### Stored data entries
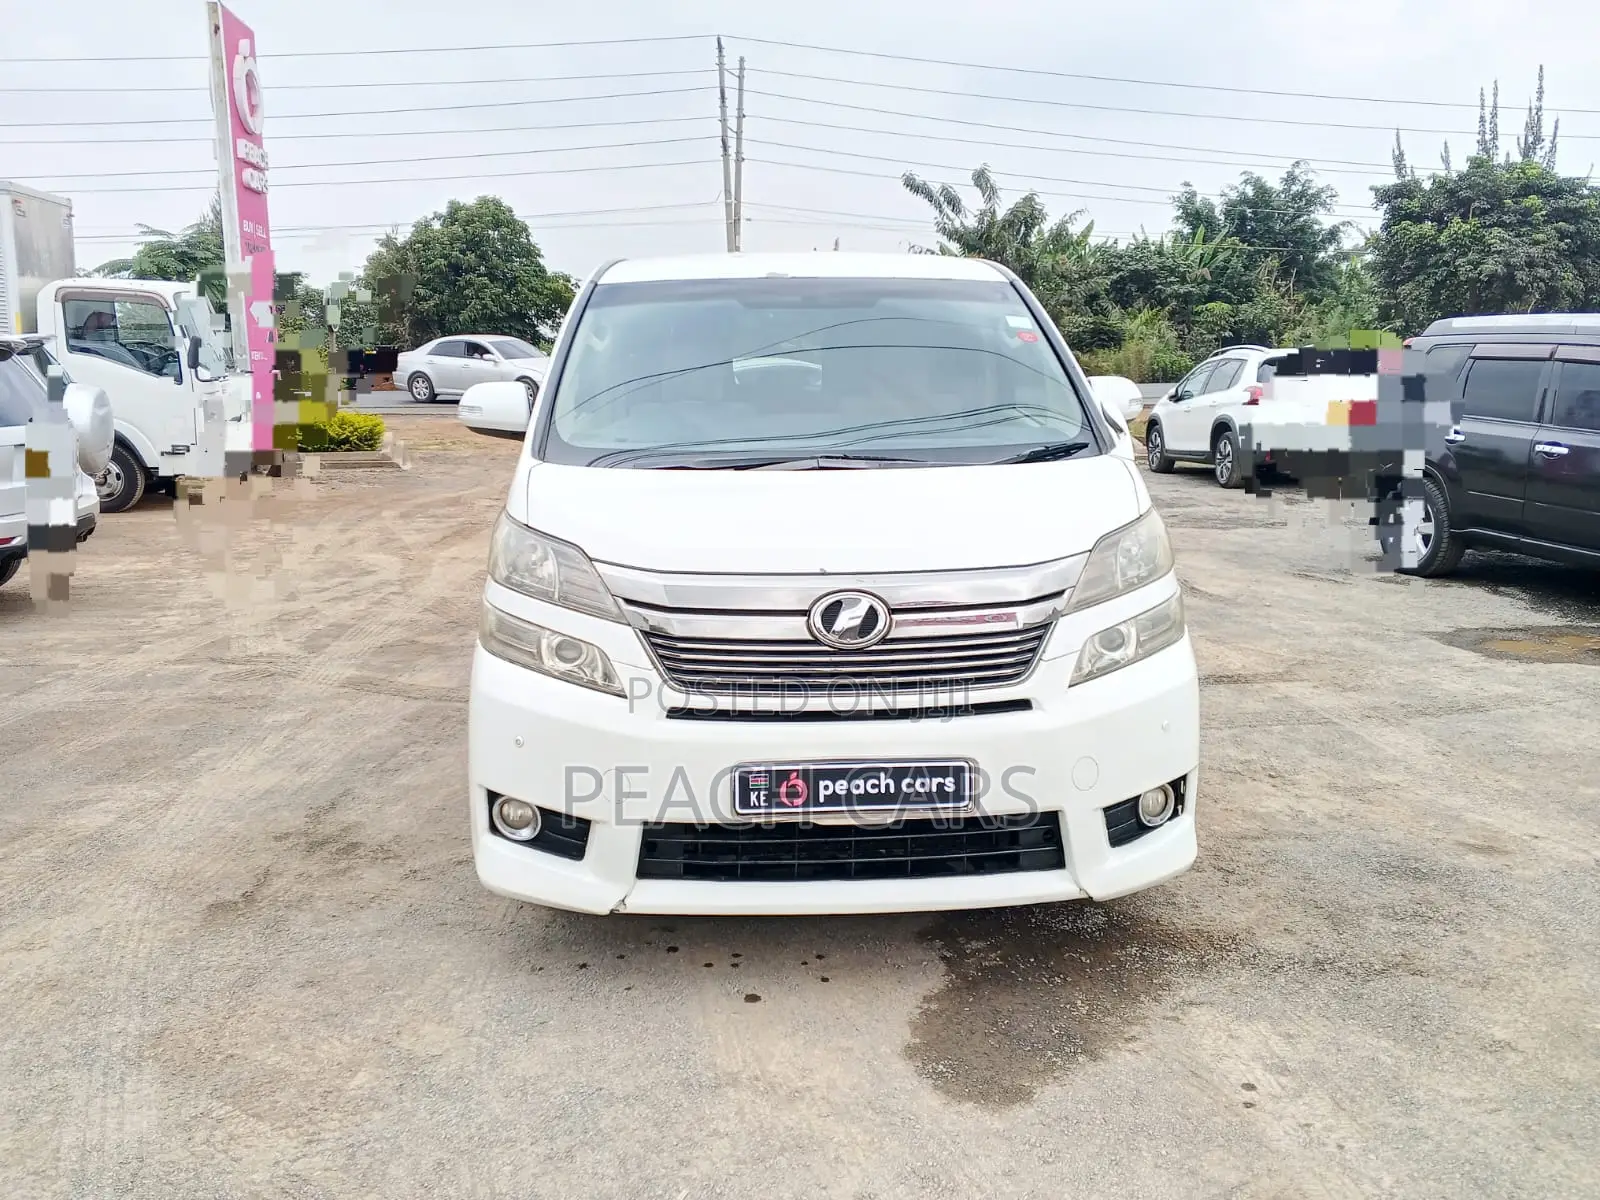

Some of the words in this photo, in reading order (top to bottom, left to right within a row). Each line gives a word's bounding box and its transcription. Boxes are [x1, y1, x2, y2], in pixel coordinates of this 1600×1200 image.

[750, 790, 769, 808] KE
[818, 772, 896, 804] peach
[901, 775, 957, 794] cars
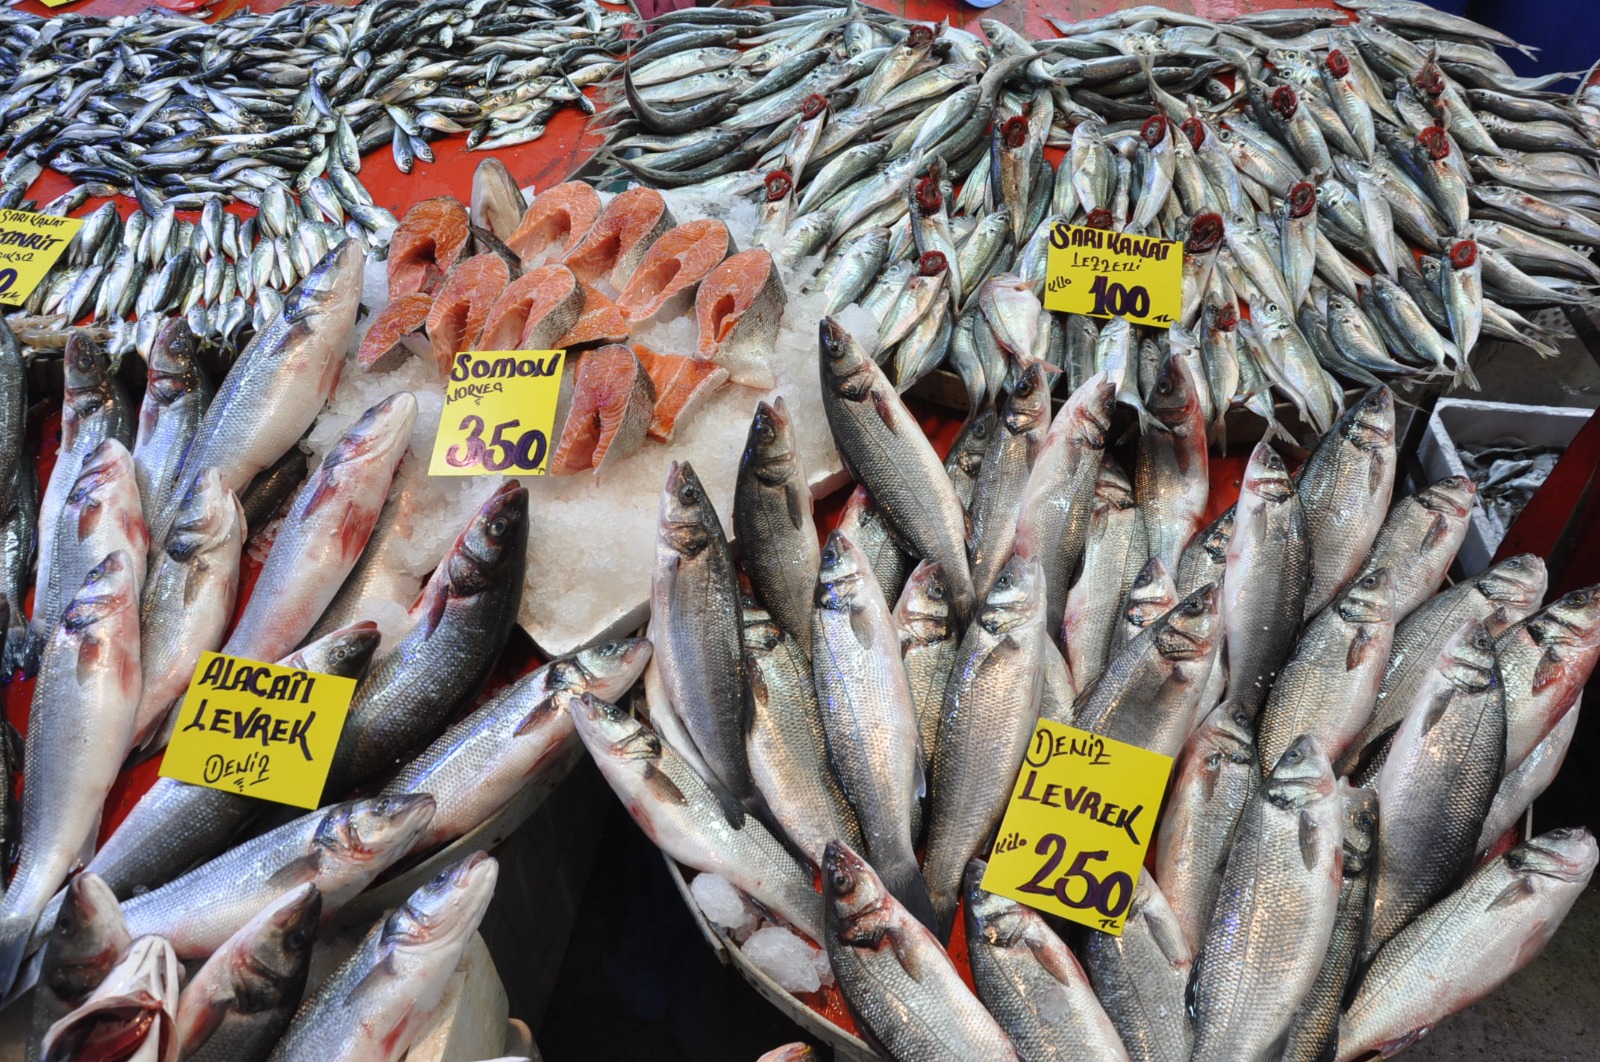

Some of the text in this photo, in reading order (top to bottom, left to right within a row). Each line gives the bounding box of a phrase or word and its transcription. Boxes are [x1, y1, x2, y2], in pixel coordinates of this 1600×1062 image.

[1086, 275, 1150, 318] 100
[446, 414, 547, 471] 350
[182, 699, 316, 761] LEVREK
[1018, 771, 1143, 845] LEVREK
[1015, 833, 1133, 917] 250
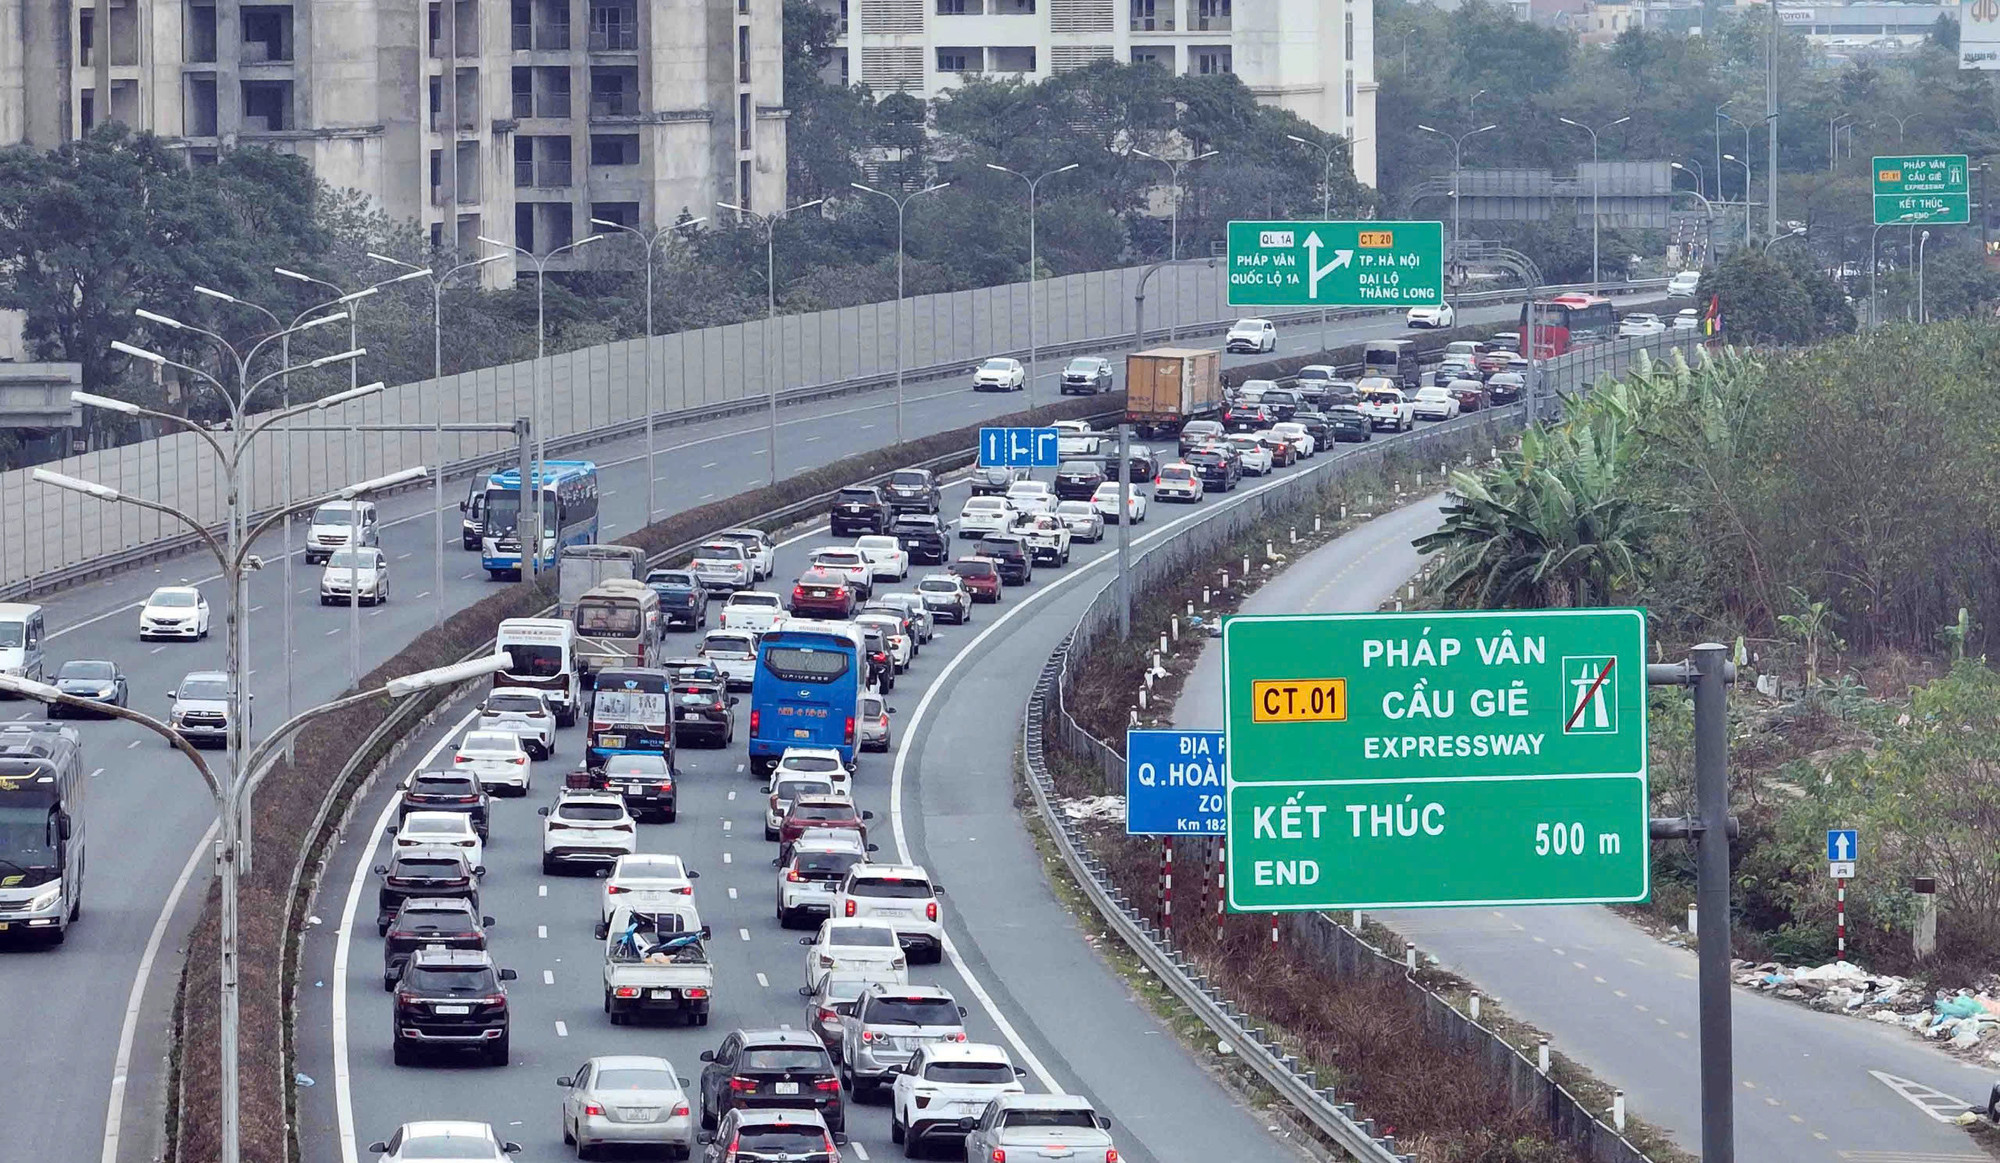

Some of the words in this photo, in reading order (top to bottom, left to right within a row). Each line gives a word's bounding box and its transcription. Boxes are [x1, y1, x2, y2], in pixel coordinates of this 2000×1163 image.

[1903, 160, 1926, 169] PHÁP
[1929, 160, 1946, 169] VÂN
[1899, 197, 1916, 209] KẾT
[1919, 197, 1943, 208] THÚC
[1237, 253, 1268, 266] PHÁP
[1273, 253, 1295, 266] VÂN
[1400, 254, 1420, 269] NỘI
[1231, 269, 1263, 285] QUỐC
[1267, 271, 1282, 287] LỘ
[1286, 274, 1300, 284] 1A
[1359, 273, 1379, 285] ĐẠI
[1384, 272, 1399, 287] LỘ
[1359, 286, 1399, 299] THĂNG
[1403, 288, 1435, 299] LONG
[1363, 626, 1461, 668] PHÁP
[1475, 628, 1545, 666] VÂN
[1263, 686, 1336, 716] CT.01
[1382, 677, 1455, 720] CẦU
[1470, 680, 1529, 717] GIẼ
[1179, 737, 1210, 760] ĐỊA
[1364, 733, 1545, 759] EXPRESSWAY
[1198, 794, 1226, 813] ZO
[1253, 790, 1327, 839] KẾT
[1345, 793, 1445, 837] THÚC
[1177, 818, 1200, 831] Km
[1535, 822, 1585, 856] 500
[1599, 832, 1620, 855] m
[1254, 860, 1320, 886] END
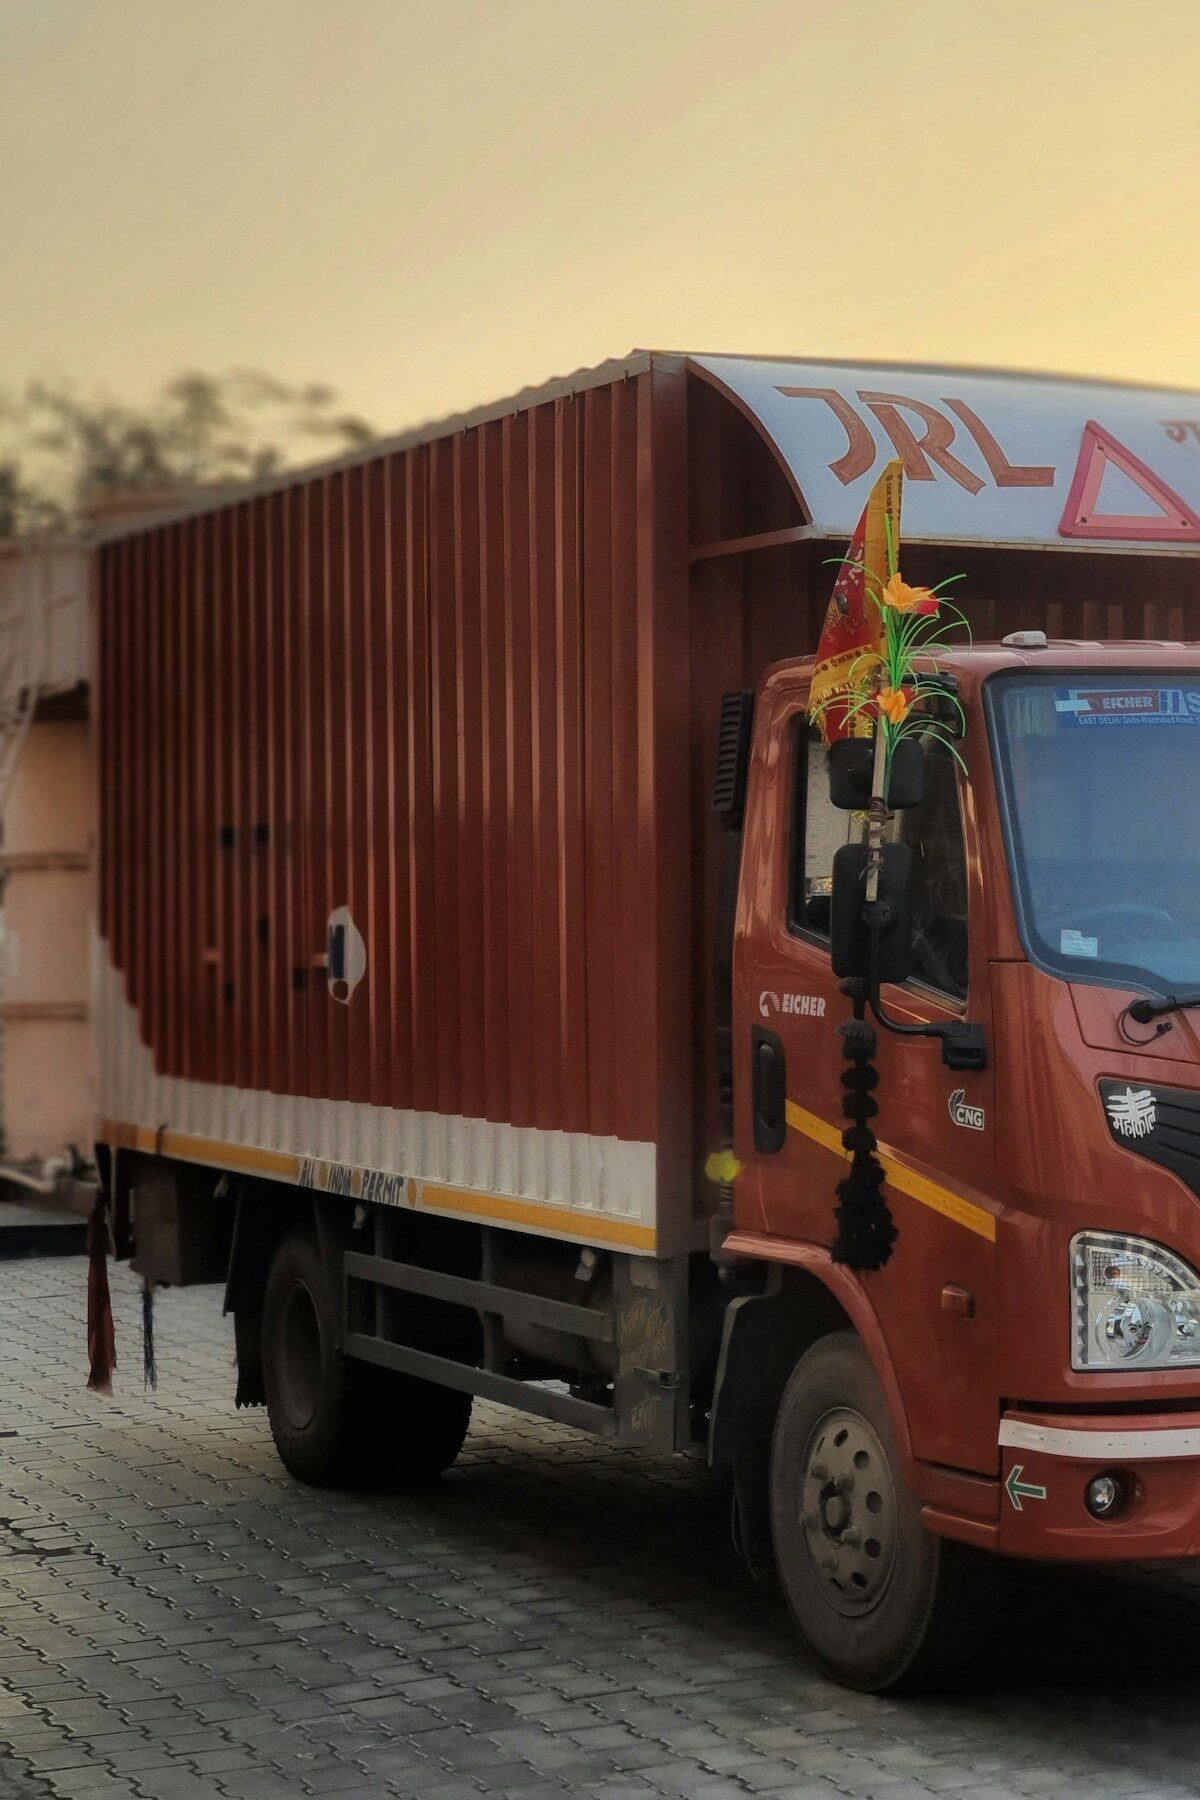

### WHAT NEEDS TO BE DONE
With the images removed, give back every entry exactly as shown.

### ANSWER TO THE EXERCISE
Some of the words in this photo, in reading order (top to bottom, left to right within a row). Each line gives a word's bounding box and its transcription. Boxes are [x1, y1, x2, y2], in pixel coordinates of this 1600×1200 image.

[750, 790, 769, 808] KE
[818, 772, 896, 804] peach
[901, 775, 957, 794] cars

Some of the text in this photo, in reading order (top to bottom, left to right within a row). Each line gives the bounding box of a phrase or word and its transcription. Boxes are [x1, y1, x2, y2], in pixel coordinates of this 1600×1062 image.

[1086, 275, 1150, 318] 100
[446, 414, 547, 471] 350
[182, 699, 316, 761] LEVREK
[1018, 771, 1143, 845] LEVREK
[1015, 833, 1133, 917] 250

Some of the words in this photo, in reading order (top to bottom, left to right within a row). Each line gives a word's bounding box and its transcription. Boxes are [x1, y1, x2, y2], in pixel coordinates of this 2000×1163 image.

[1903, 160, 1926, 169] PHÁP
[1929, 160, 1946, 169] VÂN
[1899, 197, 1916, 209] KẾT
[1919, 197, 1943, 208] THÚC
[1237, 253, 1268, 266] PHÁP
[1273, 253, 1295, 266] VÂN
[1400, 254, 1420, 269] NỘI
[1231, 269, 1263, 285] QUỐC
[1267, 271, 1282, 287] LỘ
[1286, 274, 1300, 284] 1A
[1359, 273, 1379, 285] ĐẠI
[1384, 272, 1399, 287] LỘ
[1359, 286, 1399, 299] THĂNG
[1403, 288, 1435, 299] LONG
[1363, 626, 1461, 668] PHÁP
[1475, 628, 1545, 666] VÂN
[1263, 686, 1336, 716] CT.01
[1382, 677, 1455, 720] CẦU
[1470, 680, 1529, 717] GIẼ
[1179, 737, 1210, 760] ĐỊA
[1364, 733, 1545, 759] EXPRESSWAY
[1198, 794, 1226, 813] ZO
[1253, 790, 1327, 839] KẾT
[1345, 793, 1445, 837] THÚC
[1177, 818, 1200, 831] Km
[1535, 822, 1585, 856] 500
[1599, 832, 1620, 855] m
[1254, 860, 1320, 886] END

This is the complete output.